This study adds to the accumulating evidence of social-emotional effects of early ID by its findings of dose-response relations between severity of ID and outcome. Linear effects indicated increasing shyness, decreasing orientation/engagement, and decreasing soothability with poorer iron status (maternal or examiner ratings) and when an examiner attempted to engage the infants in imitative play, decreasing positive affect and engagement (quantitative coding). That the threshold for effects was ID with or without anemia echoes Honig and Oski's early report of increased solemnity in NA ID infants
19 and a recent preventive trial in which infants who did not receive supplemental iron were less likely to show positive affect or interact socially.
20 Another new study observed a negative linear relation between cord-blood iron status across the full range and negative emotionality and a positive one for alertness and soothability.
21 Taken together, these studies point to altered infant social-emotional behavior and affect with ID, with or without anemia.
The behavioral differences observed at 12 months might be interpreted as showing lack of improvement with iron. However, the present study could not determine the effects of iron therapy on infant behavior due to uncertainty about iron administration and a low proportion of infants with blood work at 12 months. Despite the unresolved question of iron therapy, other evidence points to lack of iron as the cause of the observed behavioral alterations: 1) Similar affective-social differences have been reported in studies of IDA infants in a wide variety of settings, circumstances, and study designs.
5 2) Four of 6 recent randomized controlled trials of iron supplementation in infancy that assessed social-emotional behavior found benefits of iron.
5 3) Animal models with experimental manipulation of iron status by diet show related affective-social differences. For instance, the effects of iron deprivation in our monkey project were most striking in the social-emotional domain.
7 Post-natally iron-deprived monkeys were hyperemotional and “tense”, even though no animal ever had IDA.
We have speculated that affective-social alterations relate to effects of ID on dopamine function,
20,22 which are consistently reported in rodent models.
8 Dopamine plays a major role not only in systems of behavioral activation and inhibition but also in positive affect and the degree to which individuals experience inherent reward.
23,24 We also considered that behavioral alterations might be especially apparent in circumstances of novelty, unfamiliarity, or stress.

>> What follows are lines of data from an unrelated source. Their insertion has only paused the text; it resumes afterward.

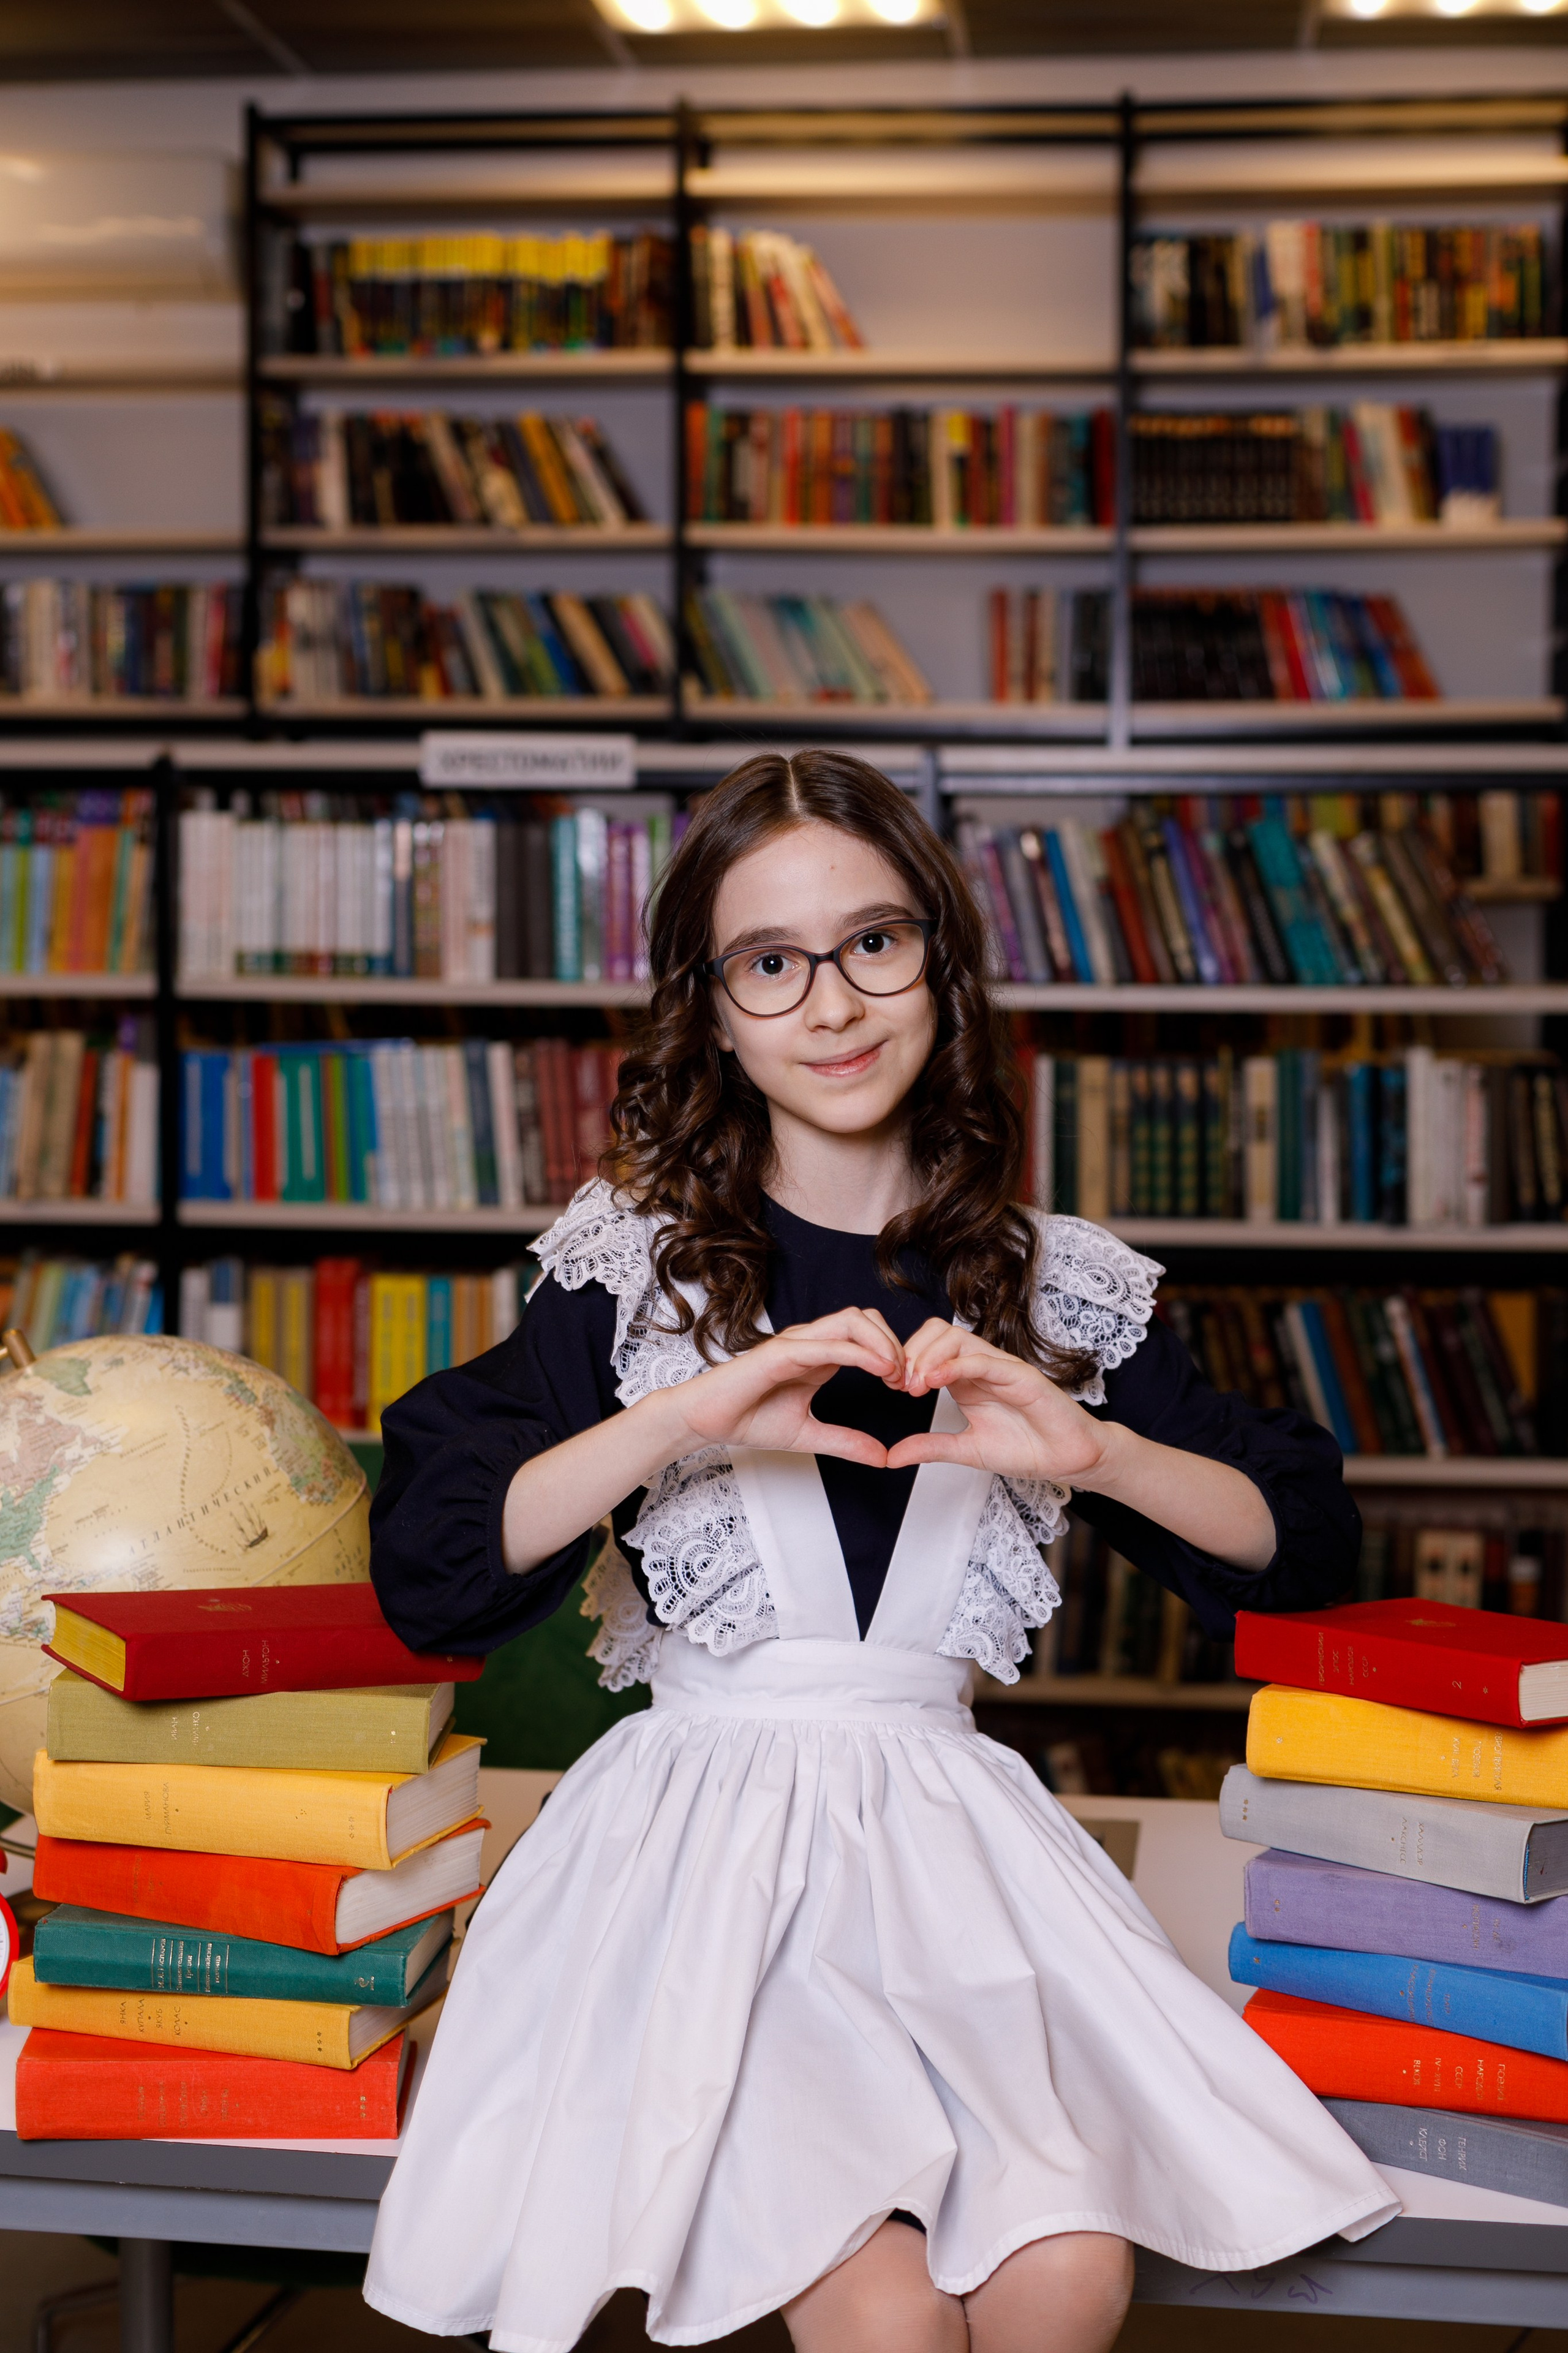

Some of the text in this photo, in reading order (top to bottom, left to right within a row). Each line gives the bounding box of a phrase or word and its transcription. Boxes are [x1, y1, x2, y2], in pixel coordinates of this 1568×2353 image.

[260, 1640, 270, 1684] МИЛЬТОН
[1452, 1680, 1461, 1690] 2
[1454, 2066, 1463, 2089] СССР
[1497, 2064, 1506, 2101] ПОЭЗИЯ
[1418, 2127, 1428, 2162] КЛЕЙСТ
[1438, 2138, 1447, 2161] ФОН
[1458, 2136, 1468, 2171] ГЕНРИХ

25,26 In the present study, there was little difference in free play behavior, but several differences became apparent when an examiner sought to engage the infant in elicited play. However, there had been little previous work specifically on related brain/behavior systems in ID animal models to support our speculations or to clarify the neural mechanisms. Our program project's rodent study systematically investigated the behavioral domain and related brain systems in an experimental paradigm of dietary iron restriction. Behaviors that depend on striatal dopamine function were delayed or disrupted, with alterations into adulthood despite iron repletion and normalization of brain iron.

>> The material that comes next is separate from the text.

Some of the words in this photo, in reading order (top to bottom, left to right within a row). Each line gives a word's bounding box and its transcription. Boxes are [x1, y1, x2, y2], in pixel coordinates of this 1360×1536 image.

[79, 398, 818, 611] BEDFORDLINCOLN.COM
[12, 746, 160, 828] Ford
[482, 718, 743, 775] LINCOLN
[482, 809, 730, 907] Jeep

9 Other persistent consequences, such as less exploration and more hesitancy in a novel environment, were also consistent with altered dopaminergic function.
8These results contribute to our growing conviction that altered affect and response to novelty are among the core deficits in early ID. Altered affect or activity have become a fundamental component of conceptual frameworks for understanding poorer overall developmental outcome.
25,27 Such alterations, combined with delayed or mistimed sensory input, and cognitive and motor delay or dysfunction,
5,28 may adversely affect the infant's interactions with the physical and social environment, thereby compromising development even further. If an ID infant is unable to elicit or benefit from nurturant interactions with caregivers, the child may have fewer enriching experiences that foster optimal development. Over time, direct effects of ID on the developing brain and indirect effects via limited environmental input may, in combination, contribute to poorer long-term behavioral and developmental outcome.
29Limitations
The study is clearly limited in sample size. In addition, ID could not be confirmed by the “gold standard” of an increase in HB, because iron therapy could not be personally supervised and post-treatment hematology data were unavailable for more than 40% of the infants. This is problematic because indications of ID/IDA were generally milder than in previous developmental studies and other factors may alter iron measures (especially HB and MCV) in African-Americans.
14 However, all NA ID and IDA infants met the criterion of ≥ 2 abnormal iron measures and biomarkers did not suggest inflammation as the explanation.
11 Available data showed a HB increase in the IDA group and normalization of iron measures in the NA ID group. The results may not generalize to other than inner-city African-American infants and require replication in larger samples in different populations.
In sum, this study demonstrated linear effects of iron status on social-emotional behavior in young infants. The threshold of effects in this sample was ID with or without anemia v. IS. Combined with other human infant studies and a new nonhuman primate model, the results suggest that the social-emotional domain is adversely affected by lack of iron. This finding is worrisome because ID is not detected by common screening procedures and is more widespread than IDA. Combined with results in a developing rodent model, the observed behavior pattern of shyness/hesitance, reduced engagement, and altered response to the unfamiliar is consistent with early disruption of the dopamine system. Infant affect, activity, and social behavior can profoundly influence the caregiving environment, with repercussions for the child's overall development.